ORLY? Lemme tell you what grunge did: they took all the sexiness out of rock and roll…they essentially slutshamed dudes and chicks to the point that everyone wore gigantic bags of terrible pants and stinky hats around and started trying to be aggressively gross. When rap jumped in and filled the sexiness void, kids were stoked, and since sex is uh….what number is it again?—in terms of making things marketable/interesting? Oh, right. Number one. Since sex is what sells everything, from lifestyles to pants to college majors to dental work to what you’re gonna eat for dinner (maybe not that last one), when rap and R&B co-opted sex as inherently part of the genres, a claim that the completely castrated rock and roll radio couldn’t POSSIBLY try to dispute, rap became the mainstream music of youth, and rock became this marginalized, lame ass, unsexy thing. Don’t believe me? Name a rock band that has come out since the Foo Fighters that can fill stadiums now that will still be able to in ten years. Didn’t think so. Thanks grunge.

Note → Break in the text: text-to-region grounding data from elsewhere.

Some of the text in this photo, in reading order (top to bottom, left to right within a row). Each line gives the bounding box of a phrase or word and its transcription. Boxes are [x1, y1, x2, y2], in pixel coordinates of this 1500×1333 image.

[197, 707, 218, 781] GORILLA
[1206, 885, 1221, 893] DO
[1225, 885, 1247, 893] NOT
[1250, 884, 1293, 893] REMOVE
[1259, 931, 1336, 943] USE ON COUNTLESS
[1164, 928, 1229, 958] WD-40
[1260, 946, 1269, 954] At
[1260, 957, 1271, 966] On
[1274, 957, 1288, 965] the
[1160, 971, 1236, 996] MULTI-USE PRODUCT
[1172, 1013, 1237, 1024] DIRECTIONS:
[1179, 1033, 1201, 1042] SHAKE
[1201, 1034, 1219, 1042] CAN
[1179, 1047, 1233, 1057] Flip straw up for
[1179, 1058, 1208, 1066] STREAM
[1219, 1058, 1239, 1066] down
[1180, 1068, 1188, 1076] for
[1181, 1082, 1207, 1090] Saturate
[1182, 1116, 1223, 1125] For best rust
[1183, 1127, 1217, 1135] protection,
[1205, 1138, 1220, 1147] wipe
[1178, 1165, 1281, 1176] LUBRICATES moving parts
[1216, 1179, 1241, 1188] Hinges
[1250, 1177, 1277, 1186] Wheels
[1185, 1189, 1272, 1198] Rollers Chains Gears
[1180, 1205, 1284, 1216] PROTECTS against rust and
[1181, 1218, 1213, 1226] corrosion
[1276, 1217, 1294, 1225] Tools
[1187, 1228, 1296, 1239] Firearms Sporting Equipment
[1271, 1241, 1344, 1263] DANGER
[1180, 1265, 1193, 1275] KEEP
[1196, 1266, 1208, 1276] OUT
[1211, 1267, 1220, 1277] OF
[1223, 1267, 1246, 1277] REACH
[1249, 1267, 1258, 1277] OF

As for grunge style, I got 2 words for you: Sammy Hagar. That motherfucker was dressed EXACTLY like Eddie Vedder years before Eddie Vedder was Eddie Vedder, and there is NO ONE ON EARTH, besides Guy Fieri, who’s undeniably lamer than fucking Sammy Hagar. He took Van I’m-fucking-your-teacher-and-she’s-loving-it Halen and turned it into a band that old nude moms light scented candles for and masturbate to in the whirlpool while their sons are away at college. Barf.

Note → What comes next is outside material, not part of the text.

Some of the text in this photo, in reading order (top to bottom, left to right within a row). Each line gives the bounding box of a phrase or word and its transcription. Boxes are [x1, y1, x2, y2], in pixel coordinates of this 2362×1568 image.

So there you go, folks. In about ten years, Nirvana and Pearl Jam may be cool again and everything will be great for you dorks that like that bullshit, but for now, you’re your own uncle, shutting off your nephew’s Master Of Puppets cassette and playing the solo from Stairway to Heaven to show him “what real rock and roll is” every time you fly that lame ass grunge flag.
Pfft. Grunge. When one of the pinnacles of the genre is a douche like Chris Cornell, you KNOW you gotta get another genre. Shut it down. I’ll be in the Judas Priest parking lot with the real uncles, bro.